Q. My pain seems to be increasing. How do I tell my doctor without sounding like a "seeker"?

A.

Fear of becoming addicted or becoming a “seeker” is common among people who are prescribed medications for cancer pain. Unfortunately, this fear can keep some patients from talking with their doctor about the pain they are experiencing. It can also prevent them from following their doctor’s orders about when and how often to take their medications. Some people may even skip some of their doses because they are afraid of “getting hooked.” However, if you feel that your pain is increasing, it is important that you consult with your medical team. Keep in mind that pain is what the person says it is. You are the expert when it comes to your own pain. A simple change in the dosage or frequency of your medication may be all that is necessary to ease your pain.

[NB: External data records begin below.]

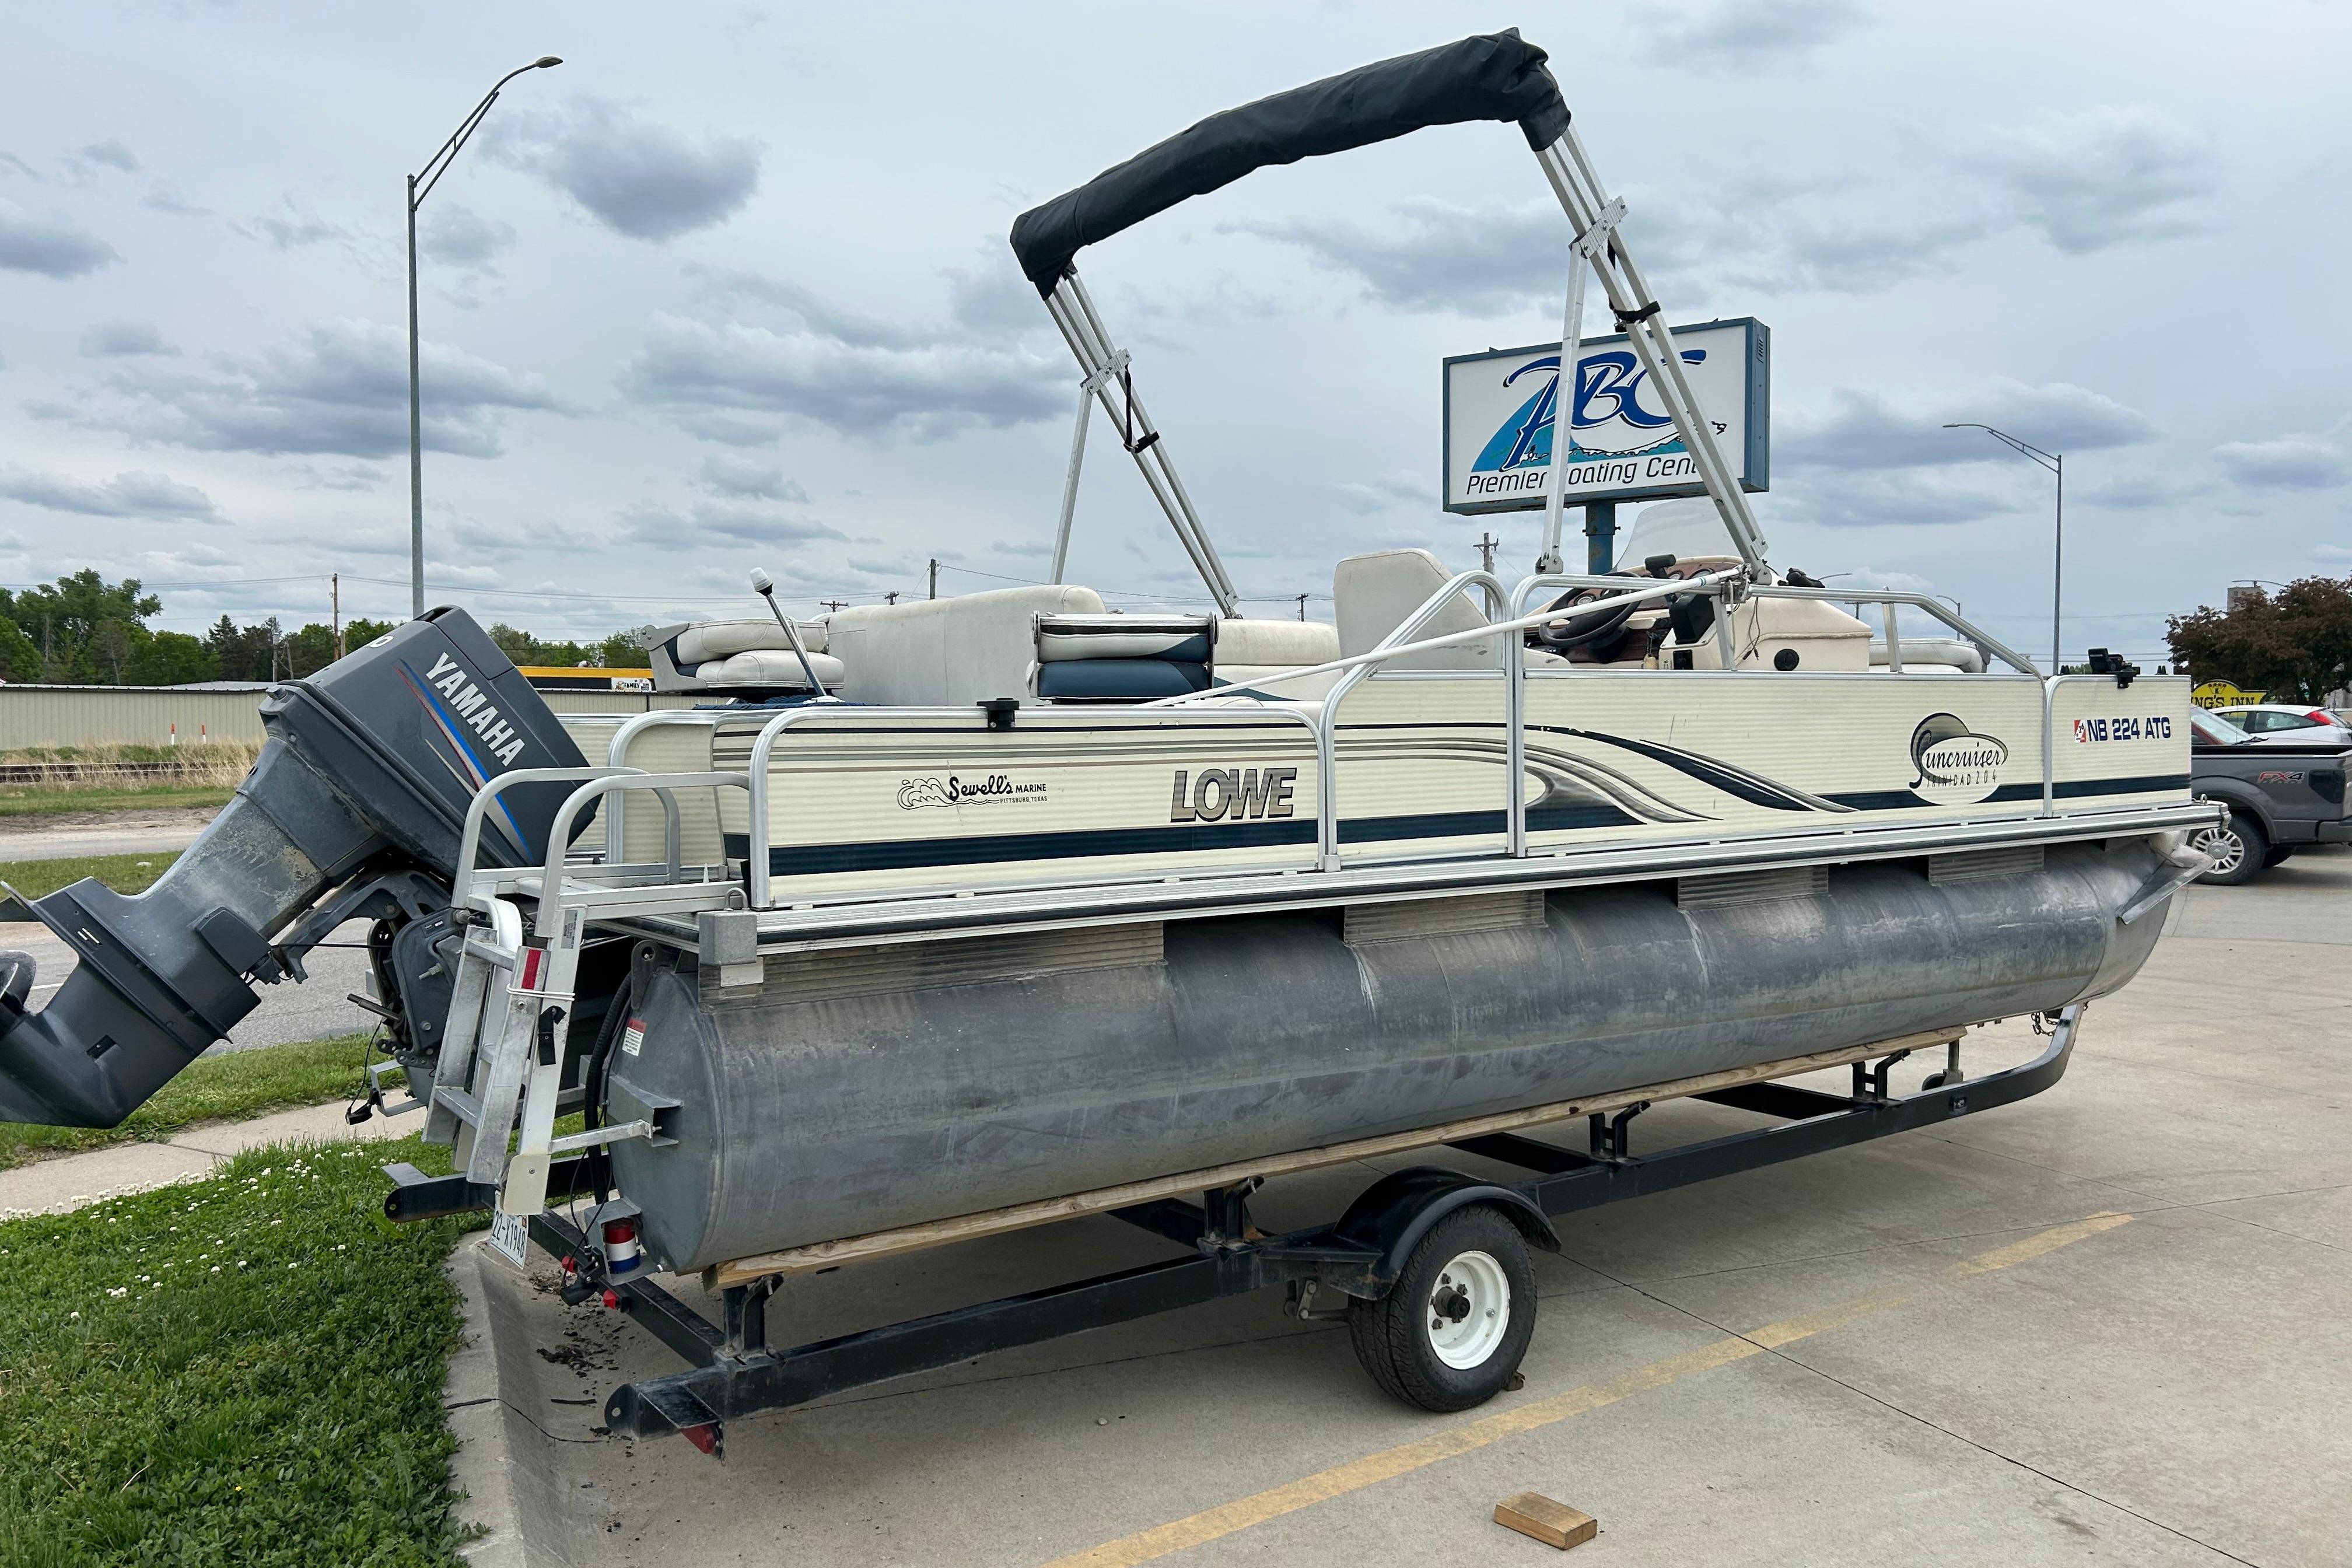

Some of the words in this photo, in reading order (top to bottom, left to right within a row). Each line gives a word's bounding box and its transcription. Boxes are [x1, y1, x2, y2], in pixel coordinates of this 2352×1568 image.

[1466, 470, 1548, 495] Premier
[1566, 461, 1637, 485] oating
[425, 651, 526, 767] YAMAHA
[2087, 719, 2108, 741] NB
[2112, 718, 2140, 740] 224
[2144, 716, 2171, 739] ATG
[949, 775, 1014, 801] Sewell's
[1016, 783, 1046, 793] MARINE
[1927, 773, 1972, 788] TRINIDAD
[1976, 769, 1996, 785] 204
[2258, 771, 2305, 782] FX4
[1171, 767, 1297, 822] LOWE
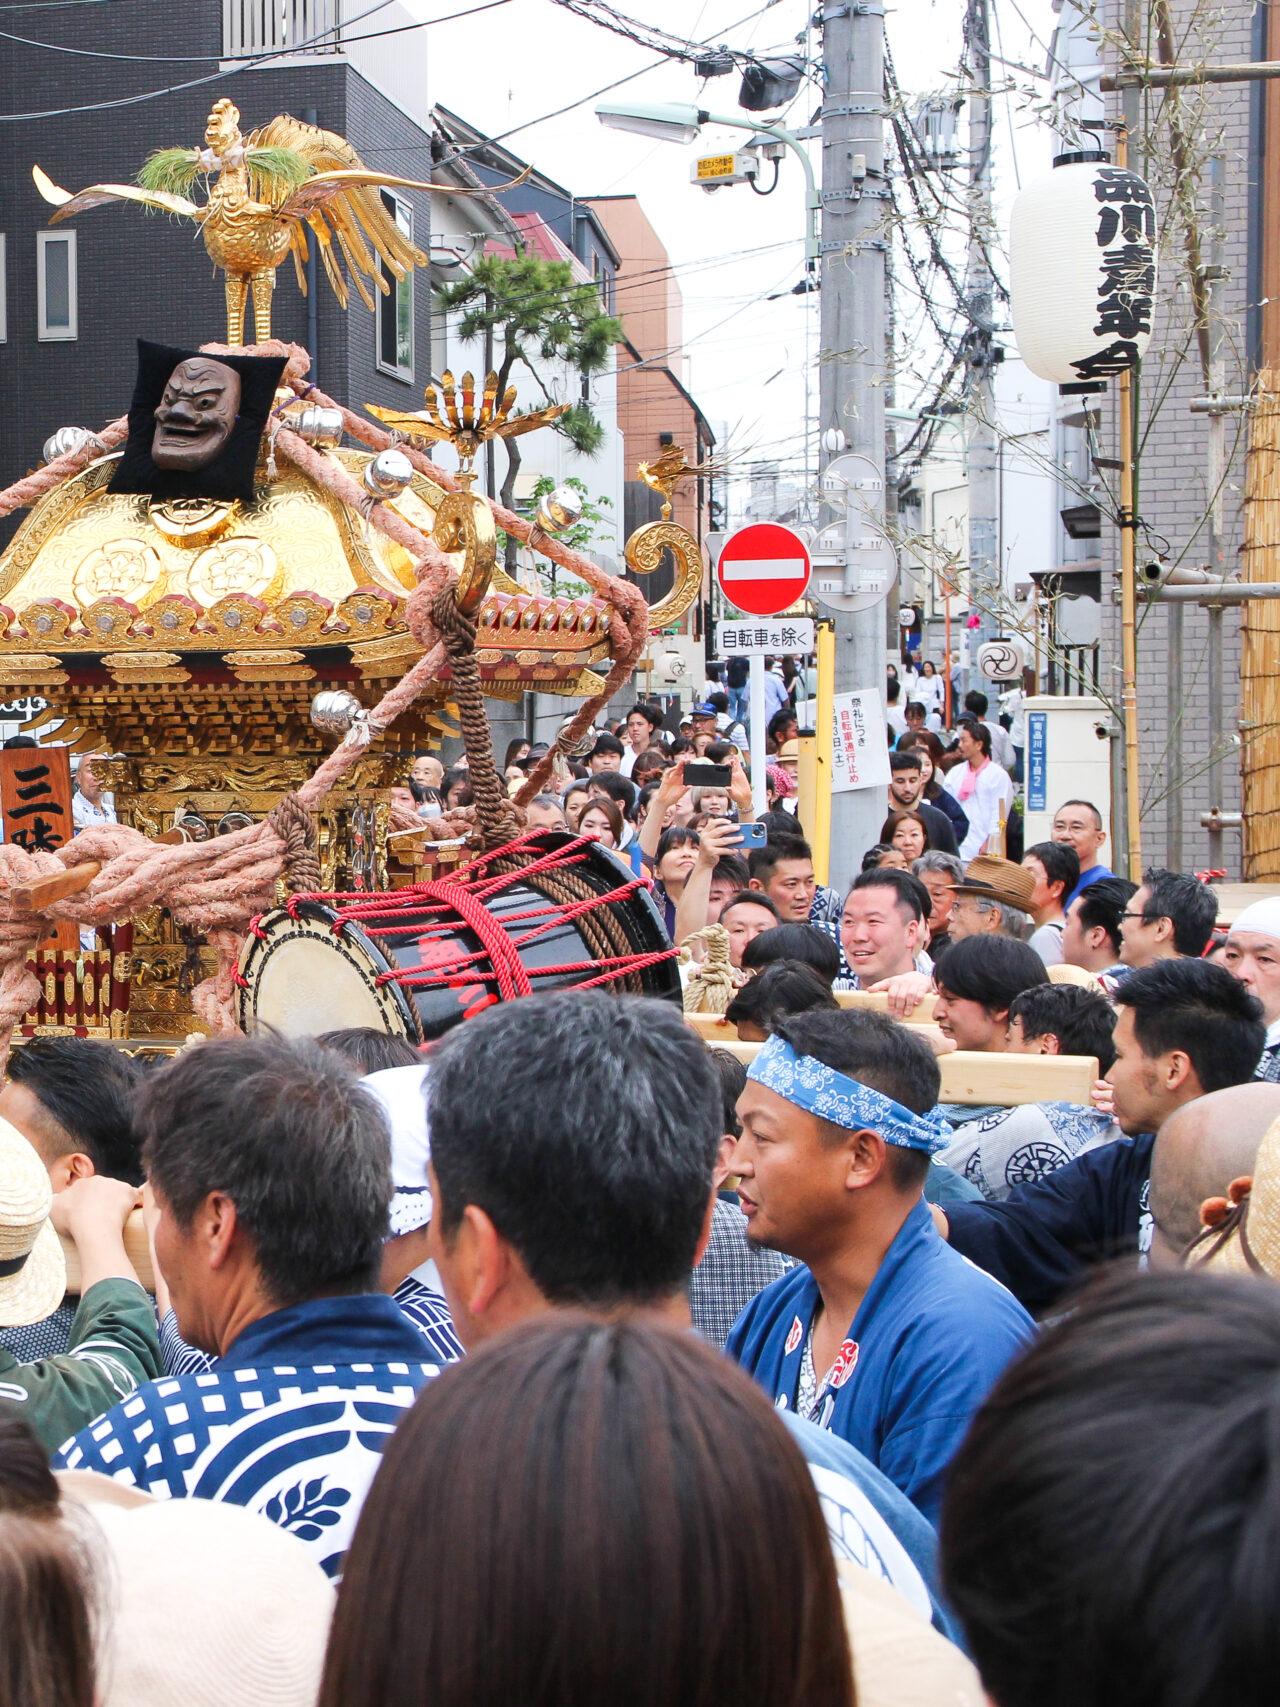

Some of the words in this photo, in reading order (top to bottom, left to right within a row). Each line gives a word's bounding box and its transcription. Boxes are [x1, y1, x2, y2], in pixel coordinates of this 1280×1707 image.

Although a possibility exists that you may become physically dependent on your medication, which is a normal response to taking a pain medication over a period of time, this nonetheless is not a sign of an addiction. Sometimes our bodies can become used to the medicines that we are taking. This is described as building up a “tolerance” to medications. It means that the pain medications that used to work may no longer be working to help relieve your pain. It’s important to talk with your doctor about any concerns or fears you may have surrounding this. Don’t assume that your doctor is aware of the level of pain you are experiencing. Doctors have to rely on their patients to inform them whether or not the medications are working. Keeping your doctor informed will also help ensure that your pain medications are being used safely and effectively. If you feel that your doctor is not addressing your pain to your satisfaction, you might consider asking him/her for a referral to a pain clinic or pain specialist.